### PROBLEM REQUIREMENTS
Below are records that should be duplicated exactly, with no image retained.

---------- RECORDS FOR THE TASK

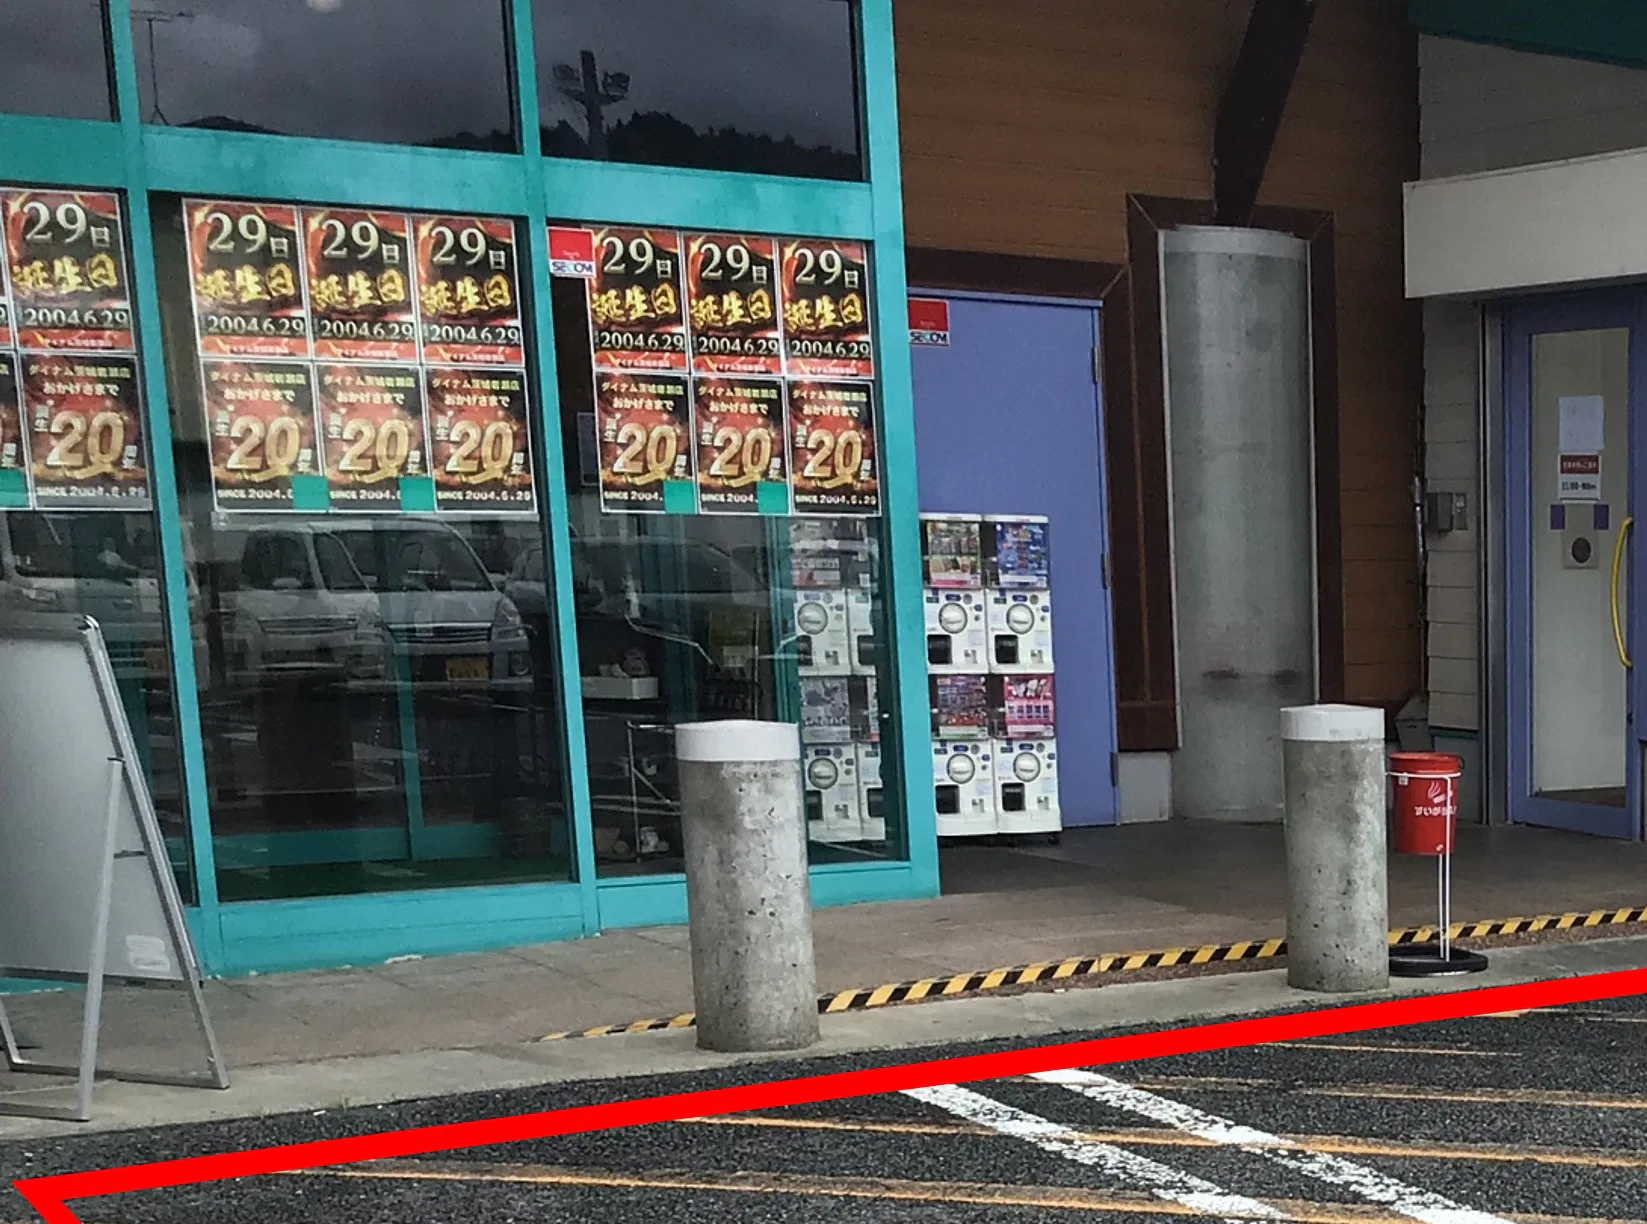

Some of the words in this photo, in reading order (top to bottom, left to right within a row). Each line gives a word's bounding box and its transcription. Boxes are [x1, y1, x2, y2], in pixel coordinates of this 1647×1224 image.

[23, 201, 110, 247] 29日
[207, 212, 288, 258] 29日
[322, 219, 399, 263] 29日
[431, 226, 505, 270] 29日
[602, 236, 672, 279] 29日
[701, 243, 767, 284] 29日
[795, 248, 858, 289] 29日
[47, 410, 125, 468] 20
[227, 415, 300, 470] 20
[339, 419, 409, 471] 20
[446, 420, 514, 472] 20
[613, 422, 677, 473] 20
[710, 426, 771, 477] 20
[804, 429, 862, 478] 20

--------------------

### SOLVED PROBLEM
Some of the words in this photo, in reading order (top to bottom, left to right within a row). Each line gives a word's bounding box and its transcription. Boxes are [x1, y1, x2, y2], in pixel coordinates of this 1647×1224 image.

[23, 201, 110, 247] 29日
[207, 212, 288, 258] 29日
[322, 219, 399, 263] 29日
[431, 226, 505, 270] 29日
[602, 236, 672, 279] 29日
[701, 243, 767, 284] 29日
[795, 248, 858, 289] 29日
[47, 410, 125, 468] 20
[227, 415, 300, 470] 20
[339, 419, 409, 471] 20
[446, 420, 514, 472] 20
[613, 422, 677, 473] 20
[710, 426, 771, 477] 20
[804, 429, 862, 478] 20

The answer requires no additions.